Ca‐dependent slow action potentials in neuromuscular diseases

Slow Ca‐dependent action potentials were studied in skeletal muscle fibers from different Neuromuscular Diseases (NMD). Byopsies were obtained from: 3 my ‐ opathies [Fascioscapulohumeral Dystrophy (FSH) and Polymyositis (PM)], 6 patients with other diseases (CD) [Amyotrophic Lateral Sclerosis (ALS), Central Core Disease, Mitochondrial Myopathy, Polyneuritis (PN), von Eulenberg's Paramyotonia], and 8 normal control muscles. Experiments were carried out in muscle fibers under current‐clamp conditions. Membrane currents other than Ca ones were abolished or greatly diminished.

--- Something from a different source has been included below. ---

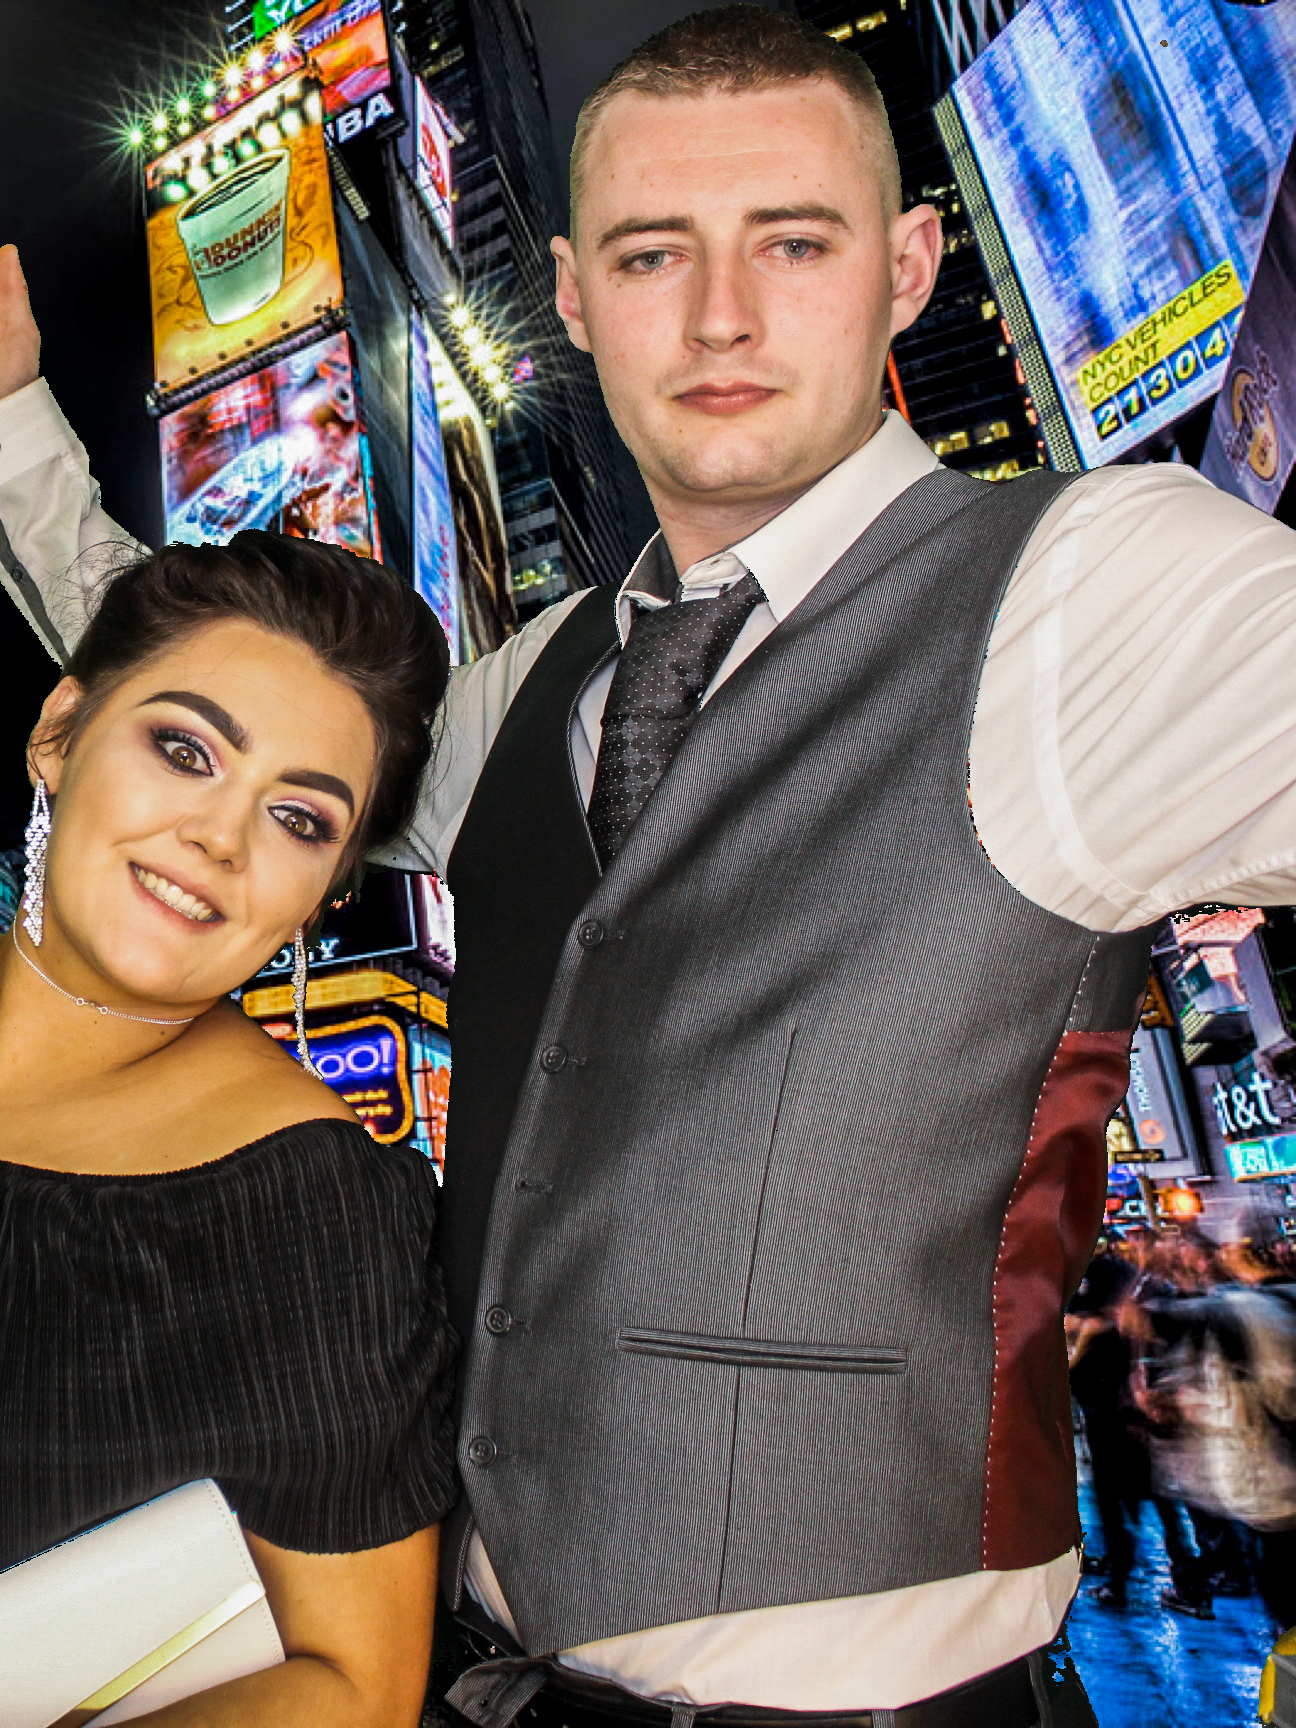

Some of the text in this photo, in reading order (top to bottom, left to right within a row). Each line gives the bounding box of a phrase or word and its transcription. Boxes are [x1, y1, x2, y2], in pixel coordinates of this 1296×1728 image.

Muscle fibers produced any of 3 types of responses, when stimulated by depolarizing pulses: fully developed Ca‐action potentials (CaAP), abortive non‐regenerative Ca responses (NrR), or only capacitive passive responses (WR). The 3 types of responses were not dependent on the basal conditions of the fibers. The frequency of observation of CaAPs was significantly higher in myopathic disease. In myopathies , 46% of the muscle fibers had CaAPs, while only 22% of fibers from CD and 15% of the fibers from normal muscles showed CaAPs. No differences were observed in the resting constants as well as in the CaAPs parameters between normal and diseased muscle fibers.